[Information provided Boundary: Start]
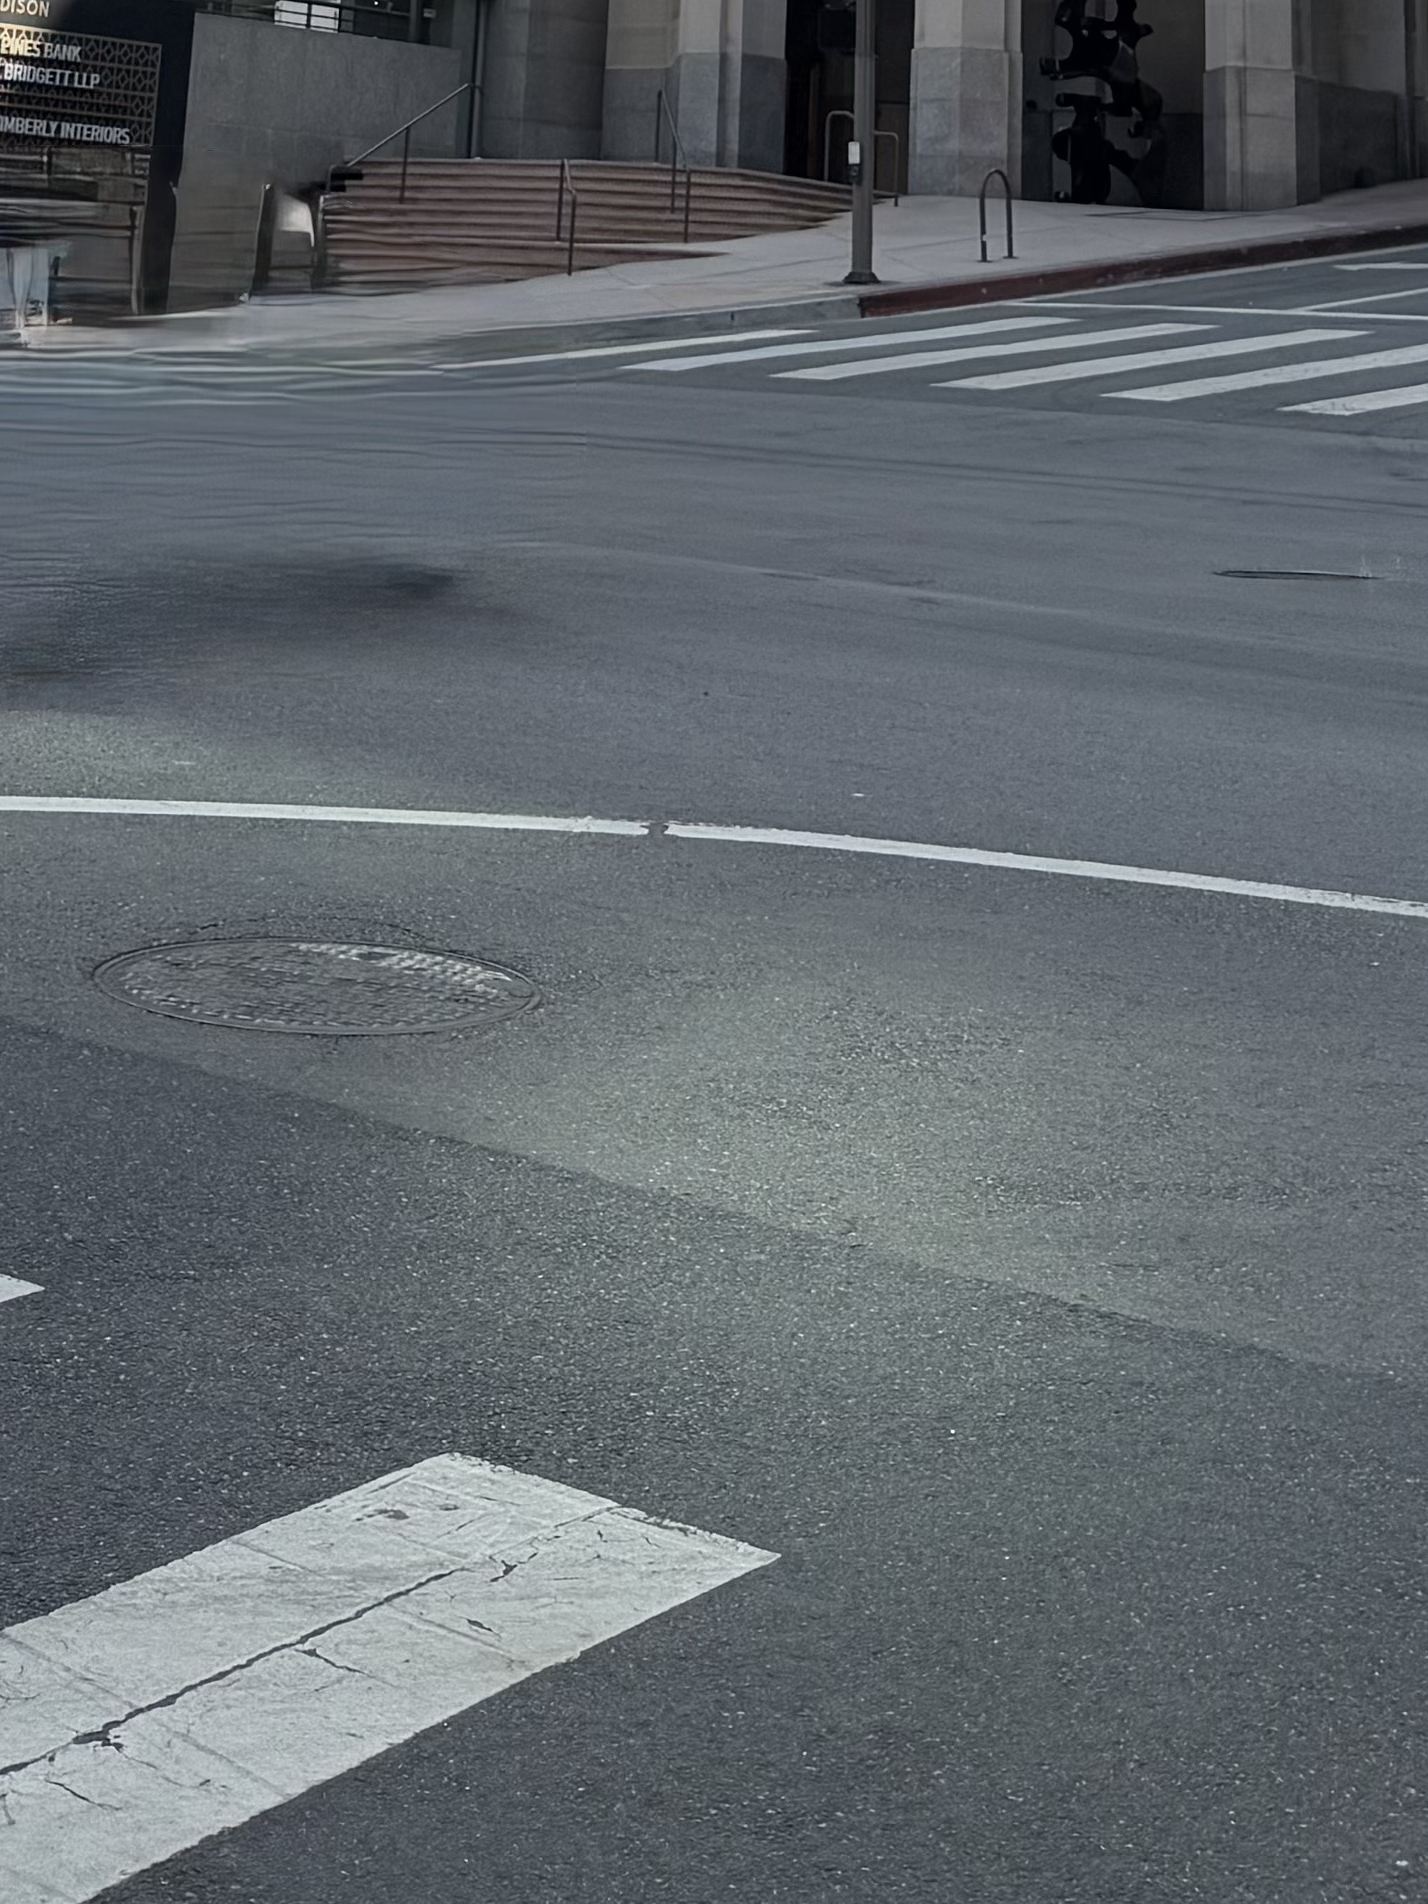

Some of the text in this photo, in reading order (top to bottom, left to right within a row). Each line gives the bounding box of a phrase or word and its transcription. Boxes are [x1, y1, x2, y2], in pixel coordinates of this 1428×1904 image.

[44, 43, 81, 62] BANK
[3, 64, 72, 86] BRIDGETT
[73, 71, 100, 89] LLP
[60, 121, 131, 145] INTERIORS
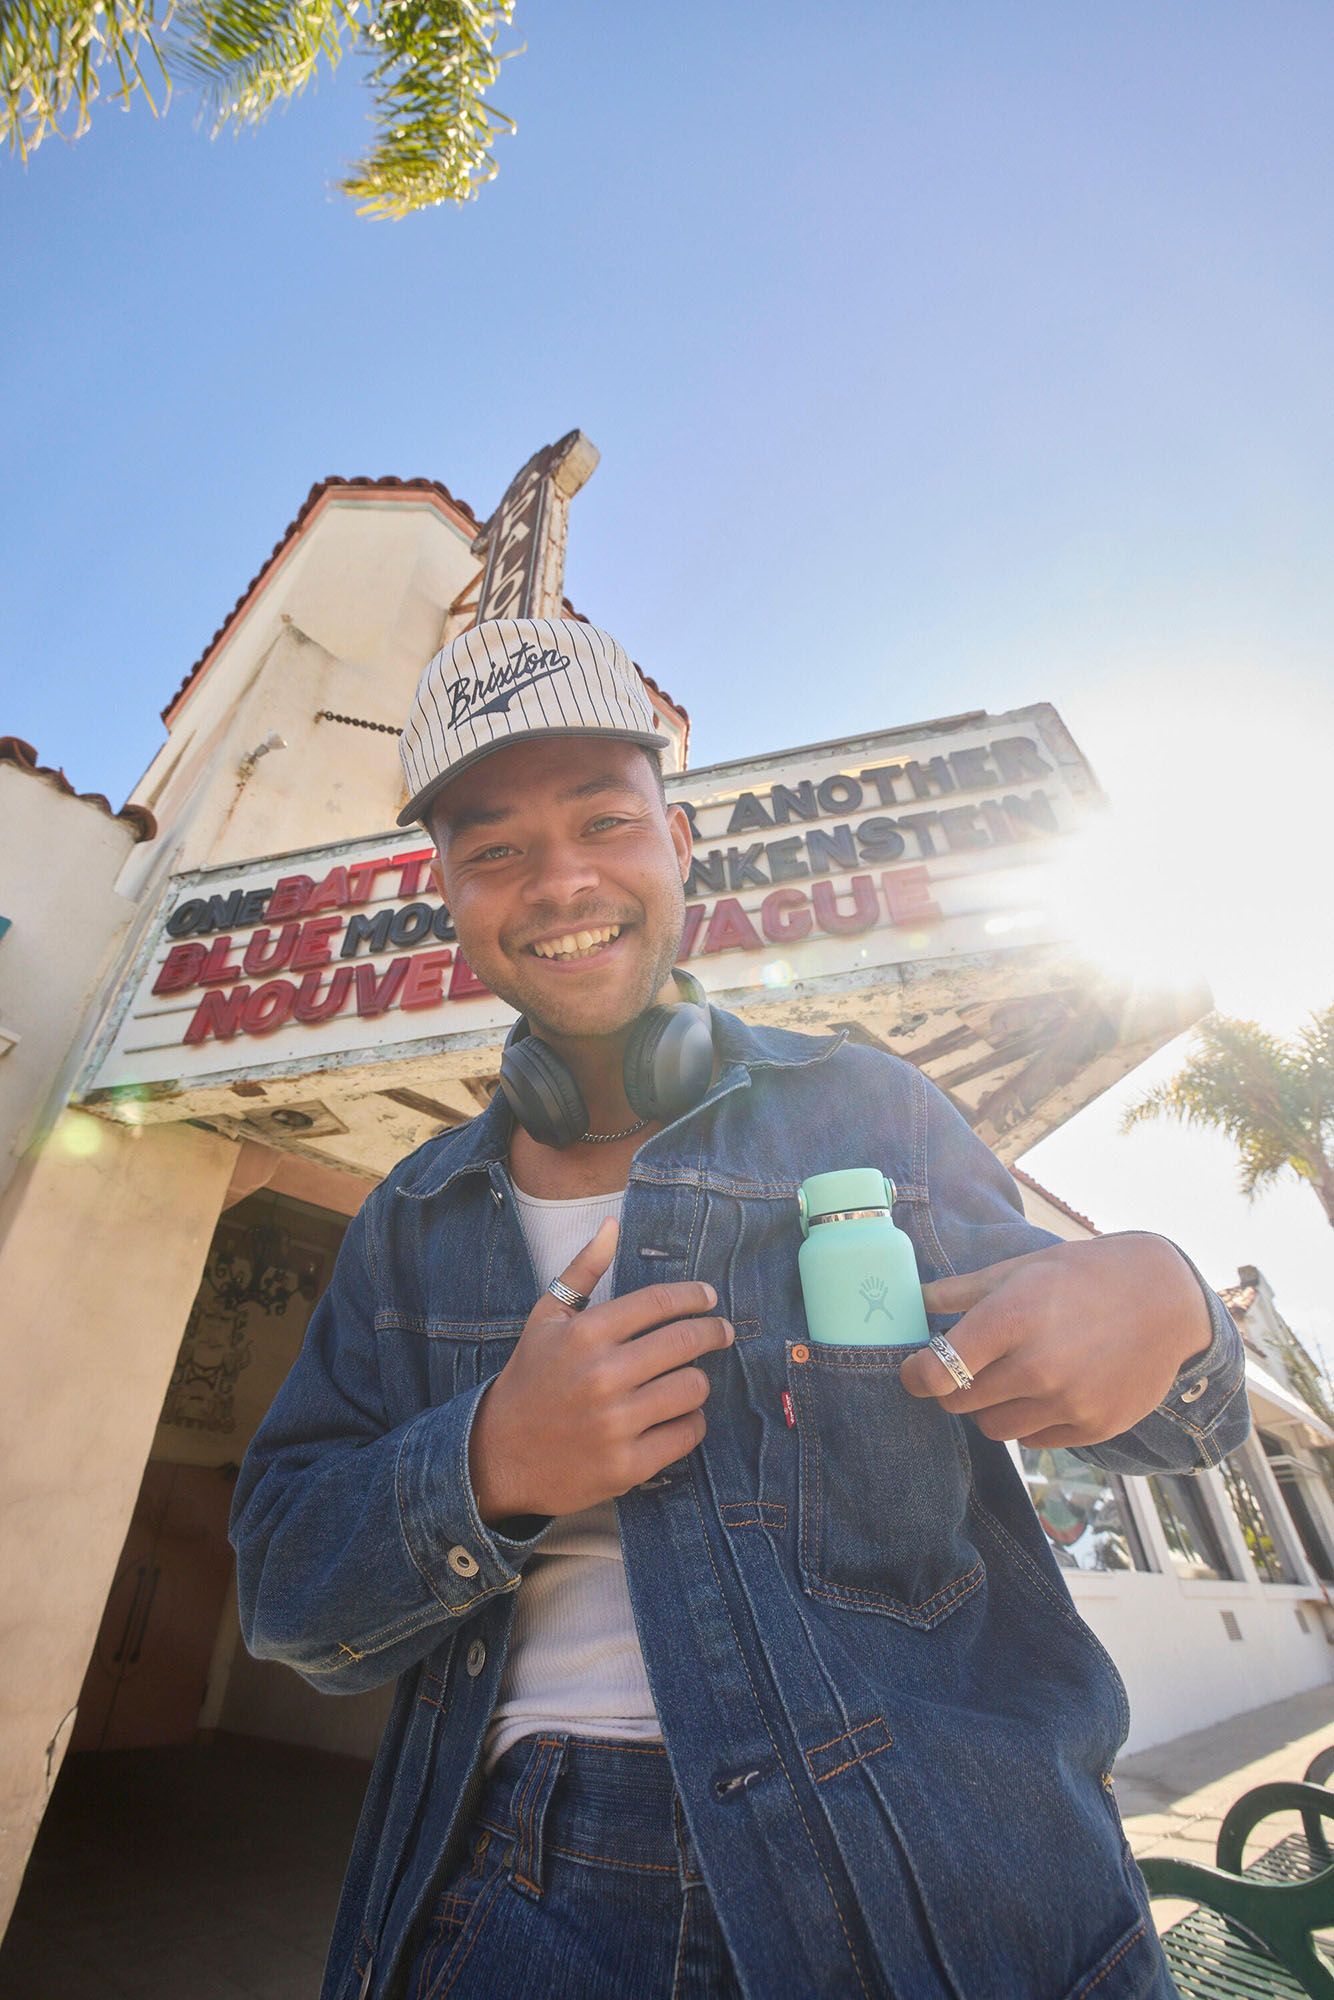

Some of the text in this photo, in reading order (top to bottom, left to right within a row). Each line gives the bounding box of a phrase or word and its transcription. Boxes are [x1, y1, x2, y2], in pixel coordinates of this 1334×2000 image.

[447, 641, 571, 730] Brixton
[726, 735, 1055, 834] ANOTHER
[165, 848, 440, 938] ONE BATT
[151, 914, 343, 996] BLUE
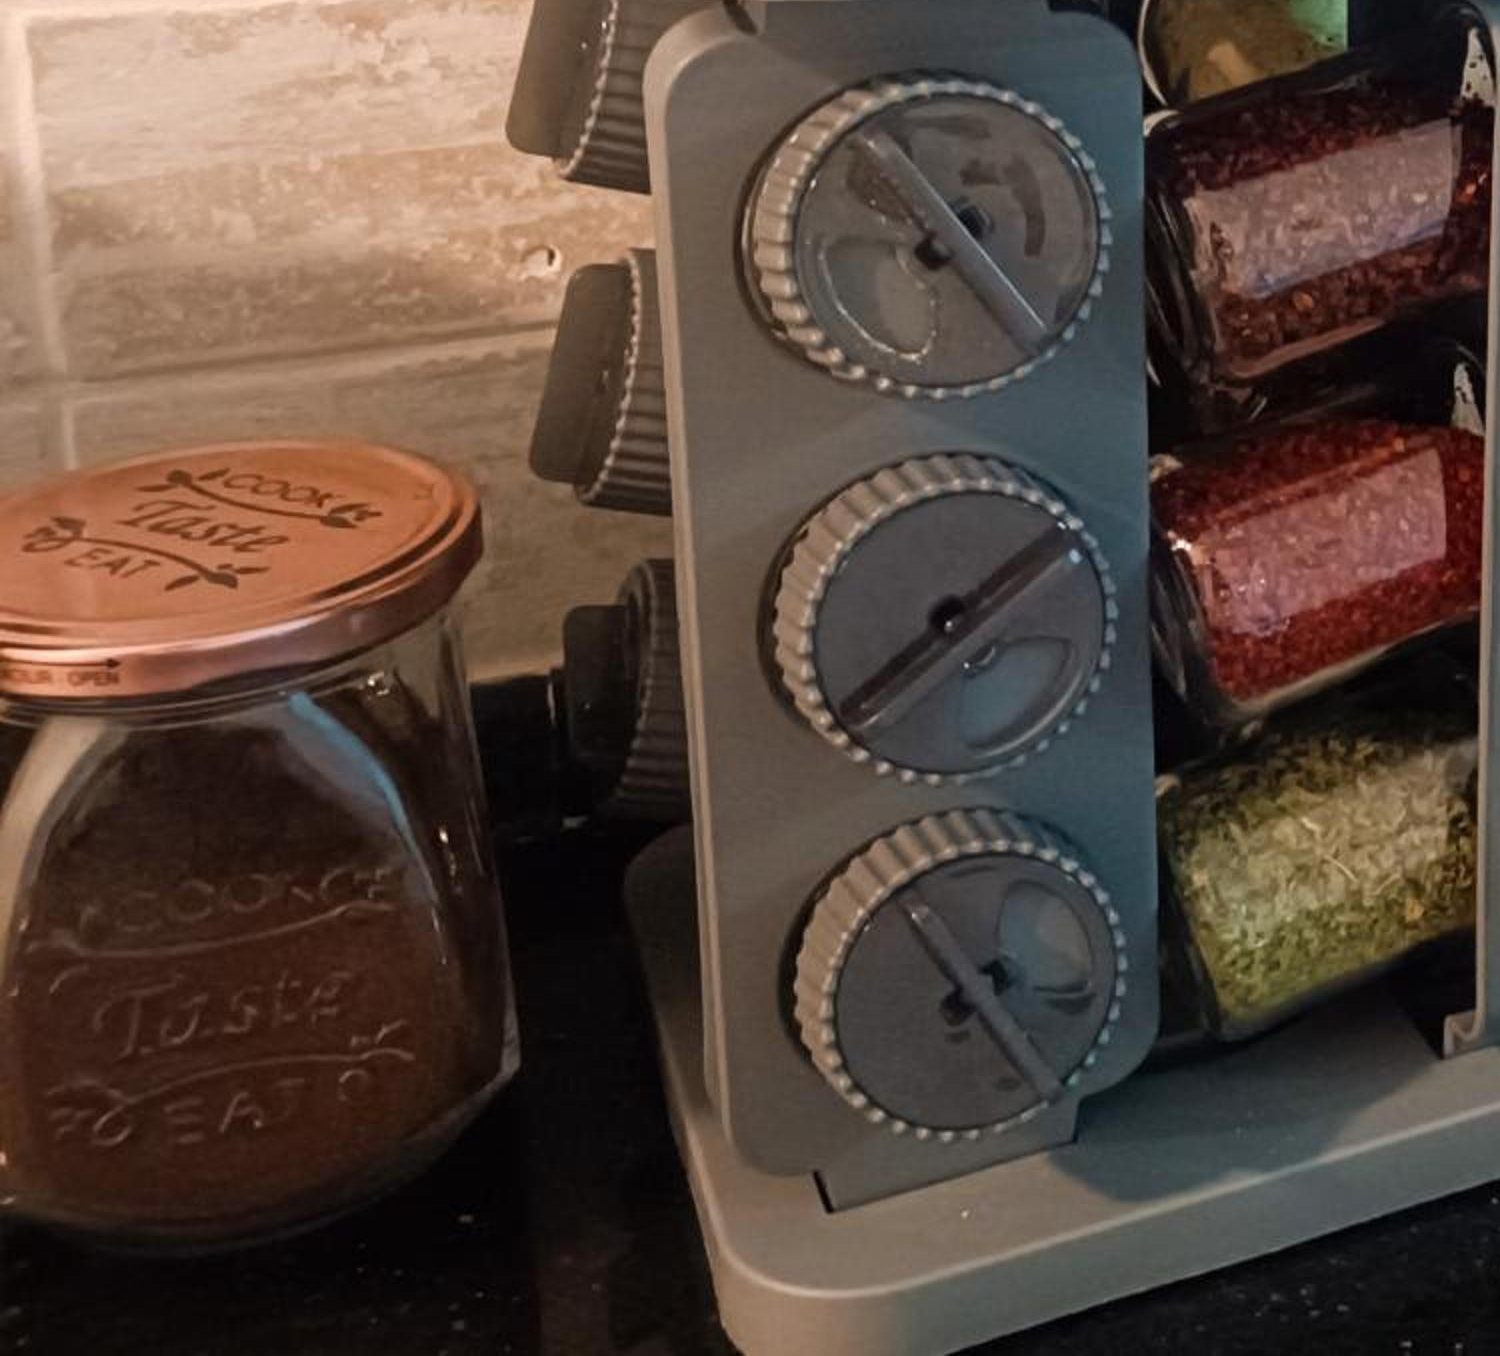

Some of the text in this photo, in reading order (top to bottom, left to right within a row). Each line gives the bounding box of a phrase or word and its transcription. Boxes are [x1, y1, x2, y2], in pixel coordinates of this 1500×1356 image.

[224, 472, 334, 509] COOK
[115, 498, 290, 554] Taste
[63, 546, 164, 579] EAT
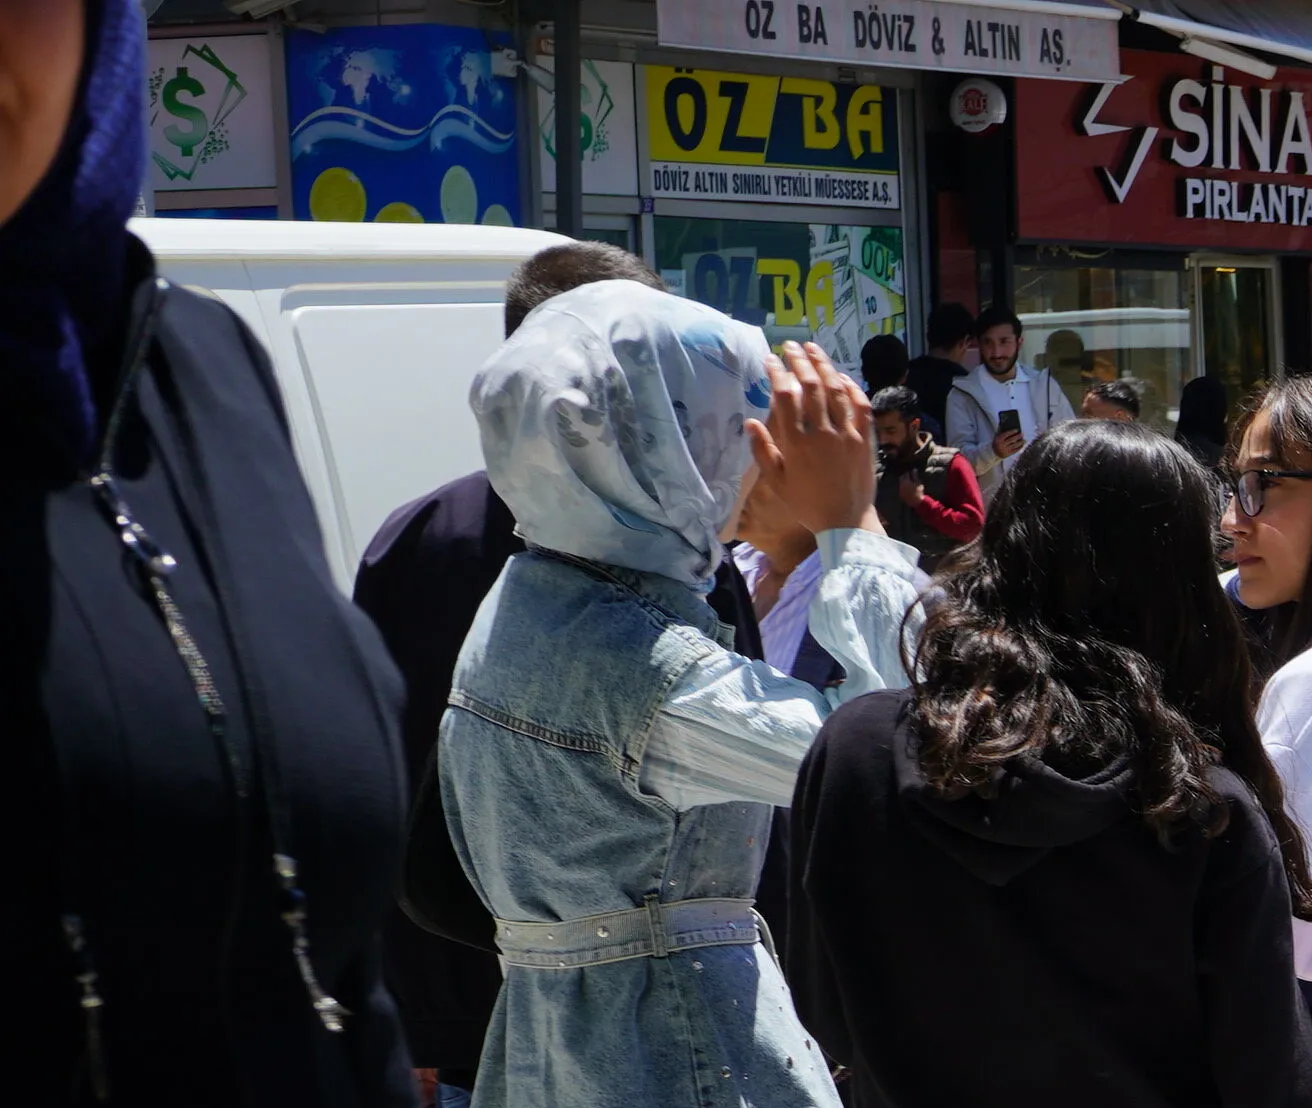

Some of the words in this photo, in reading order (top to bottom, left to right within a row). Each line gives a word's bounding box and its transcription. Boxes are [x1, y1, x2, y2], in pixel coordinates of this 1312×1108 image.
[Information provided Boundary: End]
→ **Exercise details**: Write out each line again, exactly as it appears above, except for any picture.

→ **Answer space**:
Some of the text in this photo, in reading order (top to bottom, left to right within a row). Each line gives the bounding box of a phrase or word and its transcription. Boxes are [x1, y1, x2, y2], in pixel coordinates of this 1428×1904 image.

[44, 43, 81, 62] BANK
[3, 64, 72, 86] BRIDGETT
[73, 71, 100, 89] LLP
[60, 121, 131, 145] INTERIORS

Some of the text in this photo, in reading order (top to bottom, left to right within a row). Each line gives the bounding box of a phrase or word and its transcription. Boxes are [x1, y1, x2, y2], in pixel coordinates of this 1334×2000 image.

[447, 641, 571, 730] Brixton
[726, 735, 1055, 834] ANOTHER
[165, 848, 440, 938] ONE BATT
[151, 914, 343, 996] BLUE

Some of the text in this photo, in reading order (top to bottom, left to right within a row). Each line gives the bounding box of a phrase or word and its transcription. Boxes are [x1, y1, x2, y2], in pixel coordinates of this 1500×1356 image.

[224, 472, 334, 509] COOK
[115, 498, 290, 554] Taste
[63, 546, 164, 579] EAT

Some of the words in this photo, in reading order (top to bottom, left to right within a row). Each line gives a word's bounding box and its transcription. Boxes are [x1, y1, x2, y2], in pixel coordinates of this 1312×1108 image.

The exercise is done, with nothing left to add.